* [WORK TASK]
Print the entries exactly; no image belongs in the copy.

Segment Start: SUPPLIED INFORMATION

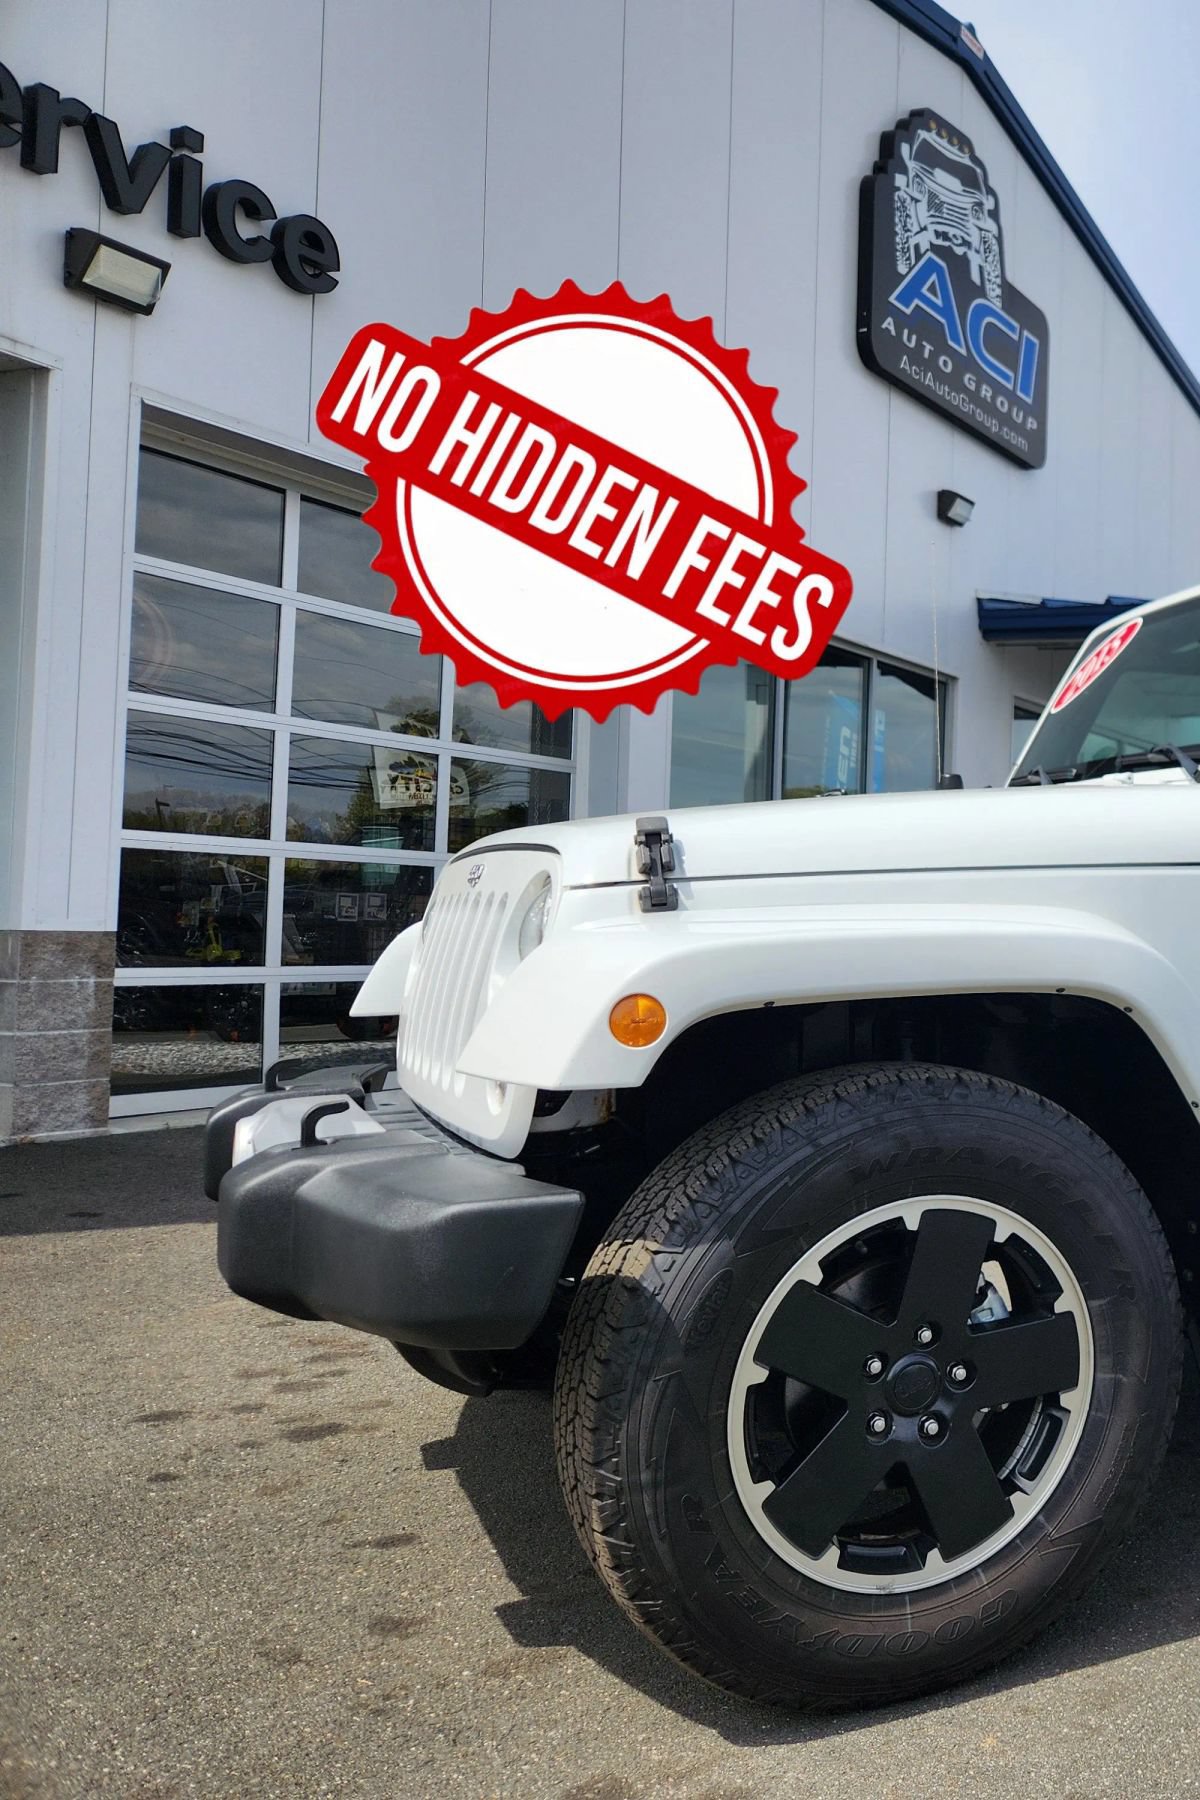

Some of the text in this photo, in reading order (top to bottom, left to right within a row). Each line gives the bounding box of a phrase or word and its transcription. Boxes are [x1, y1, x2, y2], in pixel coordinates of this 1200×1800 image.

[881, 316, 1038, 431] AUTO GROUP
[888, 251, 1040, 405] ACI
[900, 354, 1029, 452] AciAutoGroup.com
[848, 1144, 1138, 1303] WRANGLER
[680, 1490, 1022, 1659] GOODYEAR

Segment End: SUPPLIED INFORMATION

* [WRITTEN ANSWER]
Some of the text in this photo, in reading order (top to bottom, left to right within a row). Each line gives the bounding box of a phrase or word and its transcription. Boxes are [x1, y1, x2, y2], in pixel coordinates of this 1200×1800 image.

[881, 316, 1038, 431] AUTO GROUP
[888, 251, 1040, 405] ACI
[900, 354, 1029, 452] AciAutoGroup.com
[848, 1144, 1138, 1303] WRANGLER
[680, 1490, 1022, 1659] GOODYEAR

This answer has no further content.